Gruntwork Newsletter, November 2019

Once a month, we send out a newsletter to all Gruntwork customers that describes all the updates we’ve made in the last month, news in the DevOps industry, and important security updates. Note that many of the links below go to private repos in the Gruntwork Infrastructure as Code Library and Reference Architecture that are only accessible to customers.

Hello Grunts,

In the last month, we launched Gruntwork Compliance for the CIS AWS Foundations Benchmark, added cluster autoscaling support to our EKS modules, open sourced two new modules for setting up CI / CD with Google Cloud Build, used Terraform 0.12 features to consolidate and simplify the code for module-ecs, package-lambda, and module-load-balancer, and announced the dates for our winter holiday break. In other news, Helm 3 has been released, EKS now supports managed worker nodes, the ALB supports weighted routing, and Terraform 0.11 provider support is being deprecated.
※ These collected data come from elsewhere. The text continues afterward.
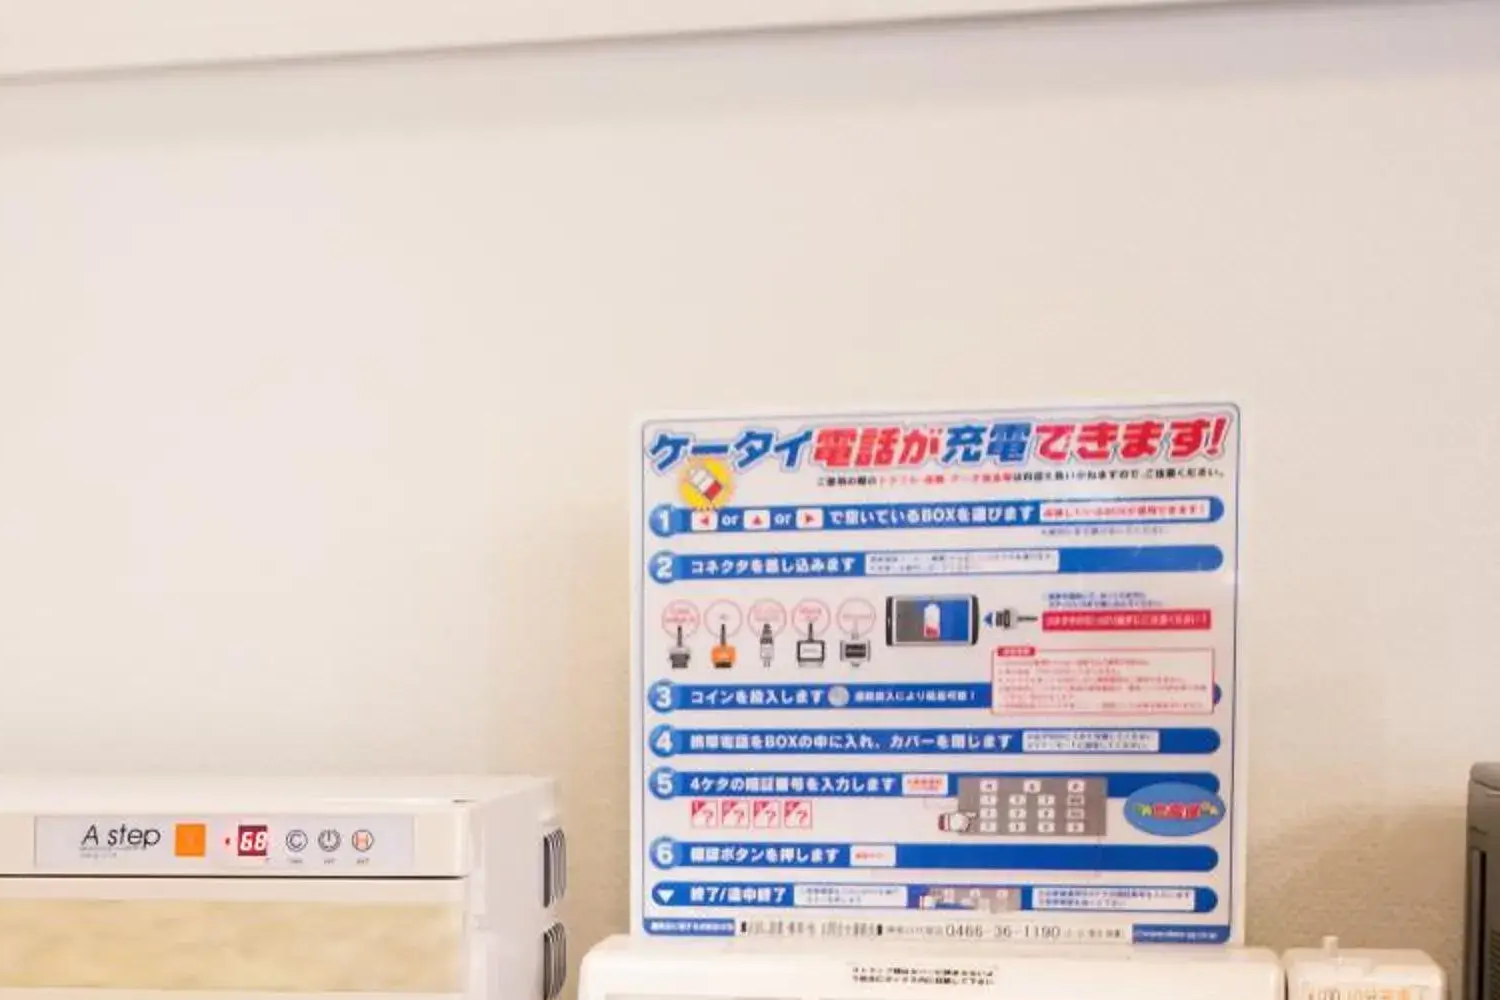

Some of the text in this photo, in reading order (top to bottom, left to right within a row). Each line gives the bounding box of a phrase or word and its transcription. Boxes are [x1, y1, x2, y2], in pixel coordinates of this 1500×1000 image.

[650, 417, 1229, 471] ケータイ電話が充電できます!
[659, 510, 670, 529] 1
[721, 513, 741, 526] or
[775, 512, 792, 526] or
[656, 557, 673, 578] 2
[658, 685, 672, 707] 3
[655, 732, 673, 750] 4
[657, 775, 673, 795] 5
[80, 823, 162, 849] A step
[658, 846, 673, 865] 6
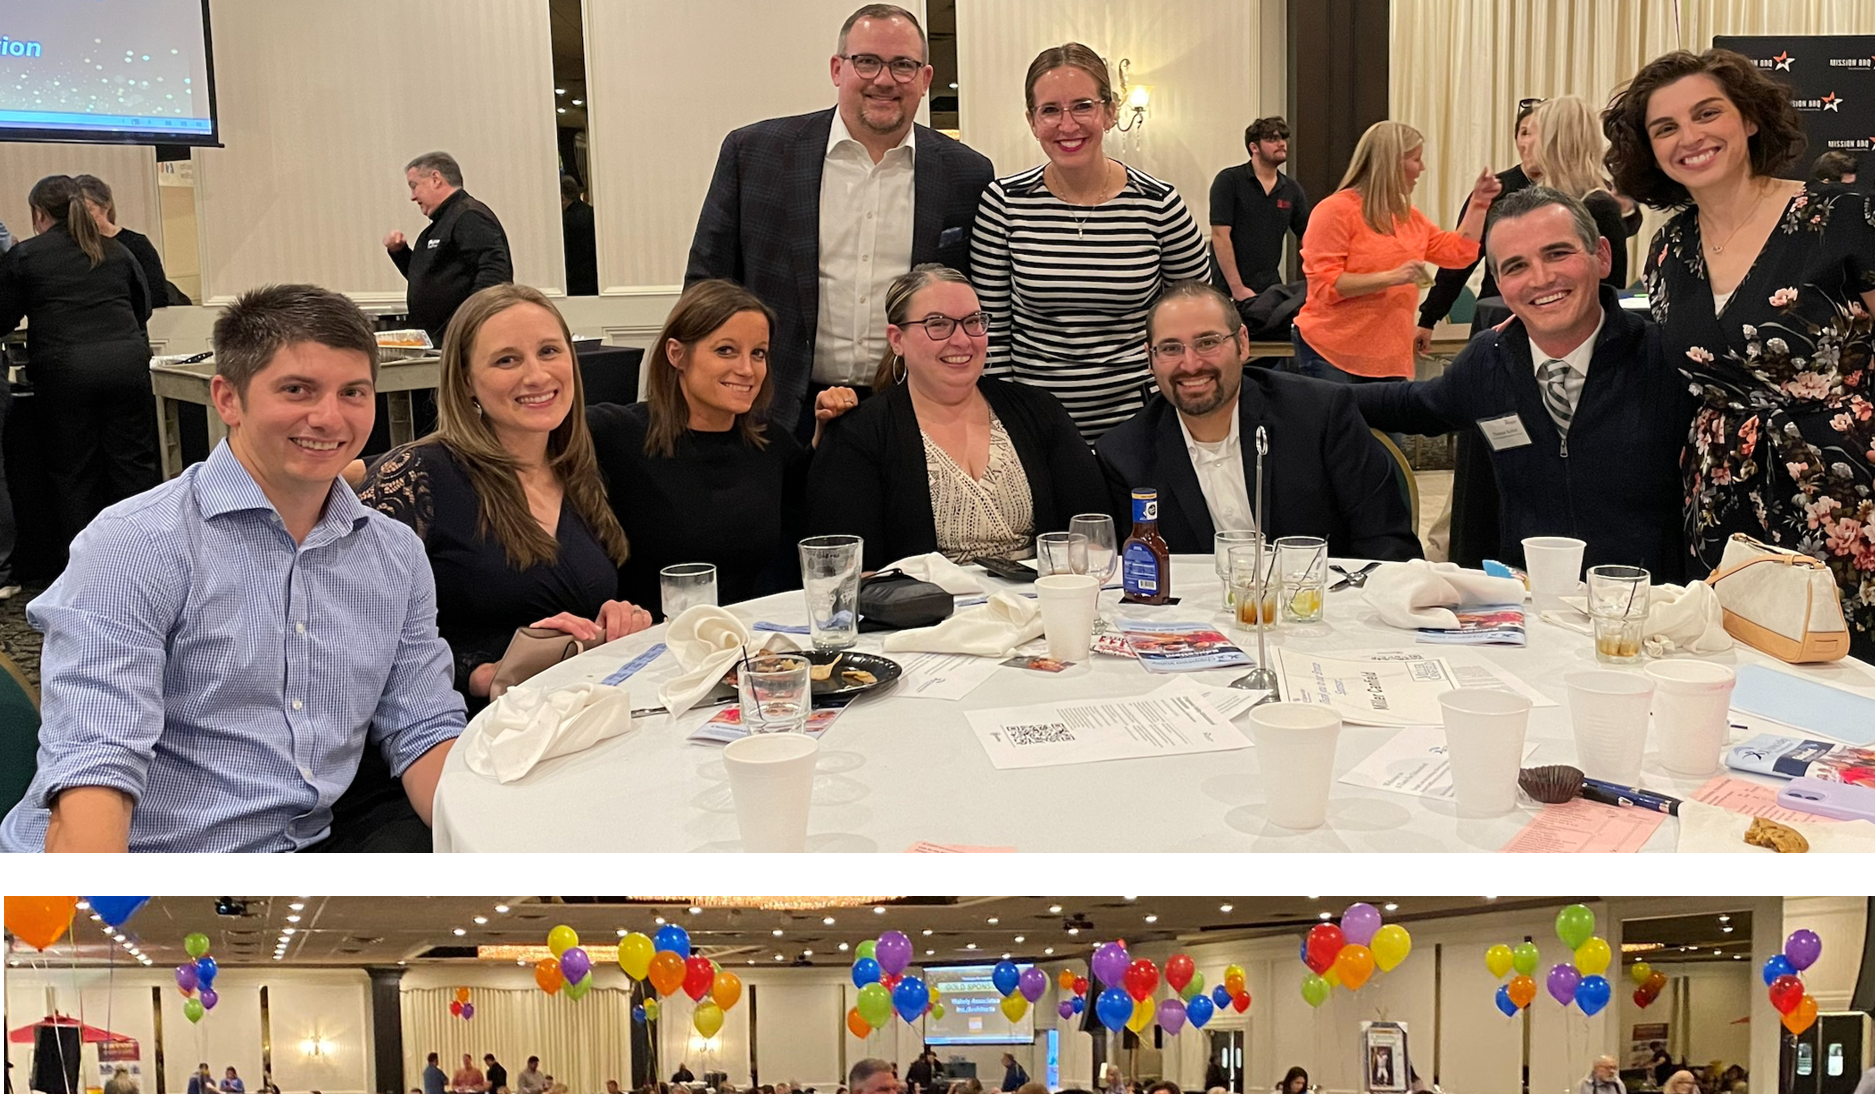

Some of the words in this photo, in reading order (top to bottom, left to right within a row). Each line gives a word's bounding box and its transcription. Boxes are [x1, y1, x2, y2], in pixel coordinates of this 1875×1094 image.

[1829, 58, 1857, 67] MISSION
[1858, 58, 1871, 67] BBQ
[1808, 99, 1821, 108] BBQ
[1827, 140, 1855, 148] MISSION
[1856, 140, 1869, 148] BBQ
As always, if you have any questions or need help, email us at support@gruntwork.io!

Gruntwork Updates

Announcing Gruntwork Compliance for the CIS AWS Foundations Benchmark

Motivation: The AWS Foundations Benchmark is an objective, consensus-driven guideline for establishing secure infrastructure on AWS from the Center for Internet Security. Several of our customers were interested in improving their security posture by achieving compliance with this benchmark, but meeting all the recommendations—from IAM to VPCs and CloudTrail to AWS Config—from scratch proved to be challenging.

Solution: We’re excited to announce Gruntwork Compliance for the CIS AWS Foundations Benchmark! We’ve made a number of changes that will make it possible for you to achieve compliance in days, not months:

  1. We’ve extended the Infrastructure as Code Library to include compliance with the AWS Foundations Benchmark as a first class citizen. These compliance modules make it straightforward to implement the recommendations in the AWS Foundations Benchmark using infrastructure as code techniques for a repeatable compliance experience.
  2. We’ve published the How to achieve compliance with the CIS AWS Foundations Benchmark deployment guide, which will walk you through the core concepts of the Benchmark, design guidelines for implementing the recommendations as code, and how to use the compliance modules.

What to do about it: Check out our announcement blog post and the compliance product page for all the details. If you’re interested in becoming a Gruntwork Compliance customer, contact us!

Cluster Autoscaler Support for EKS

Motivation: While Kubernetes natively supports autoscaling of the Pods that are deployed on a cluster, additional work was needed to setup autoscaling of the worker nodes. This meant that when you ran out of capacity on your EKS clusters such that you couldn’t schedule any more Pods, the only solution was to manually scale out more nodes in the cluster.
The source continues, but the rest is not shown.